Background
Secondary hyperparathyroidism (SHPT) is a common complication of chronic kidney disease (CKD), especially in the later stages. Parathyroidectomy (PTX) is recommended for patients who do not respond to medical treatment. However, in some cases, SHPT may persist due to incomplete gland resection or recur as a result of hyperplasia of remnant tissue. The aim of this study was to evaluate PTX outcomes in CKD patients treated at our center and identify predictors of persistent disease.
Methods
A retrospective, descriptive and analytical study was conducted on CKD patients who underwent PTX for SHPT between January 2014 and January 2024 at Sahloul University Hospital in Tunisia.
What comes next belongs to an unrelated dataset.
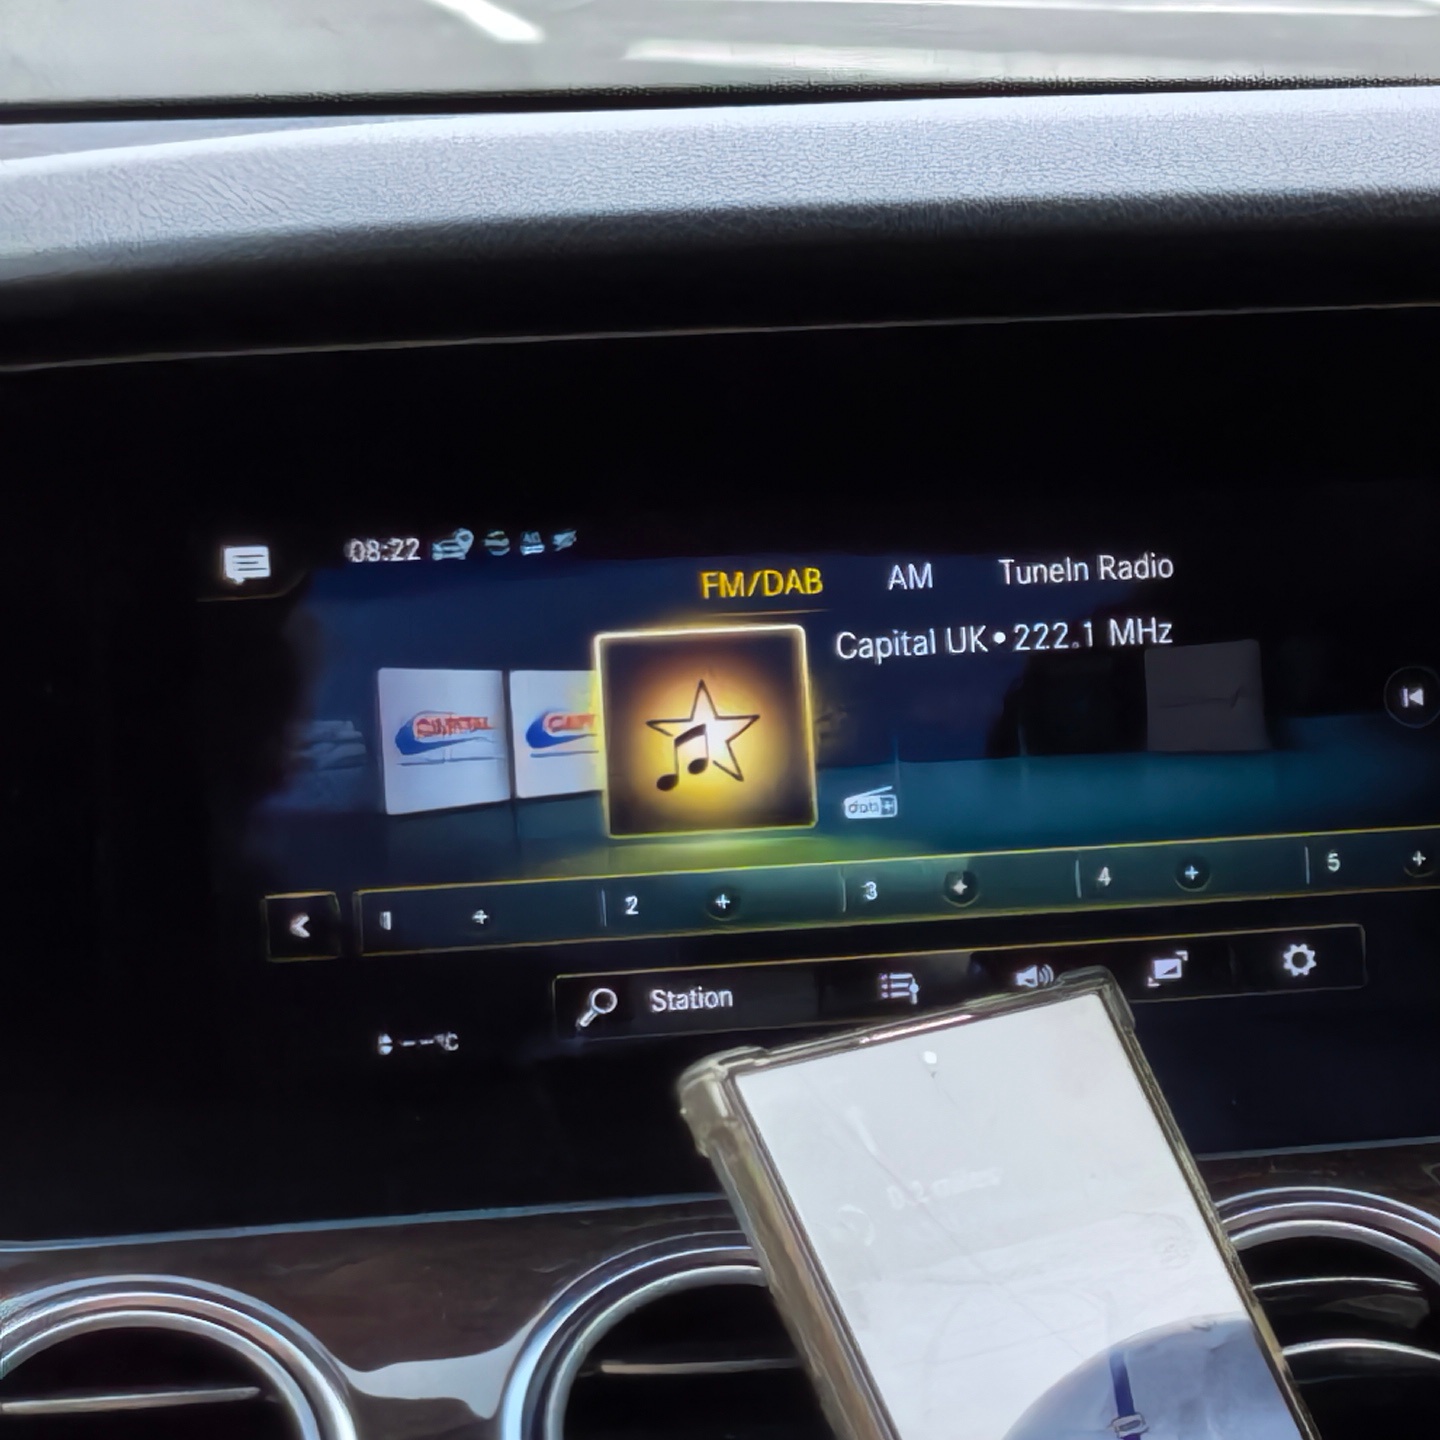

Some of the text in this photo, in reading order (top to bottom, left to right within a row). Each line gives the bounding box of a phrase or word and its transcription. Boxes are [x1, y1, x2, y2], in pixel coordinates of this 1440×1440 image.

The analysis covered demographic, clinical, biochemical, radiological and surgical data. SHPT diagnosis was defined as intact parathormone (iPTH) > 585 pg/mL on at least two separate occasions, associated with hyperphosphatemia, hypocalcemia or normocalcemia, and resistance to ≥ 6 months of optimized medical therapy (phosphate binders, vitamin D analogs, calcimimetics), in line with KDIGO guidelines. Vitamin D deficiency was corrected before confirming the diagnosis. Persistent SHPT was defined as a iPTH level over 585 pg/mL three to six months after surgery.
Results
A total of 100 patients were included. The mean age was 44.9 ± 14.1 years; 96% were in stage 5 CKD, of whom 83% were on hemodialysis, 11% on peritoneal dialysis, and 6% were pre-dialysis. Four patients (4%) had late stage 4 CKD with imaging and histological confirmation of secondary origin, excluding primary hyperparathyroidism. Bone pain was present in 26% of patients and hypoalbuminemia in 42%. Scintigraphy detected enlarged glands in 97% of cases. Subtotal PTX was performed in 82% of cases, total PTX in 17%, and total PTX with autotransplantation in 1%. Persistent SHPT occurred in 30% of patients. Mean resected gland volume was 1.8 ± 0.7 cm³ in persistent SHPT vs. 1.1 ± 0.5 cm³ in remission (p = 0.01), with a positive correlation between gland volume and postoperative iPTH levels (r = 0.41, p = 0.003). Predictors of persistence included bone pain, hypoalbuminemia, metabolic acidosis, upper right gland hyperplasia, and incomplete resection.
Conclusion
PTX is an effective treatment for refractory SHPT, but persistence occurs in one-third of cases. Preoperative clinical and biochemical factors may help identify patients at risk. A multidisciplinary evaluation and complete resection are crucial.
Clinical trial number
Not applicable.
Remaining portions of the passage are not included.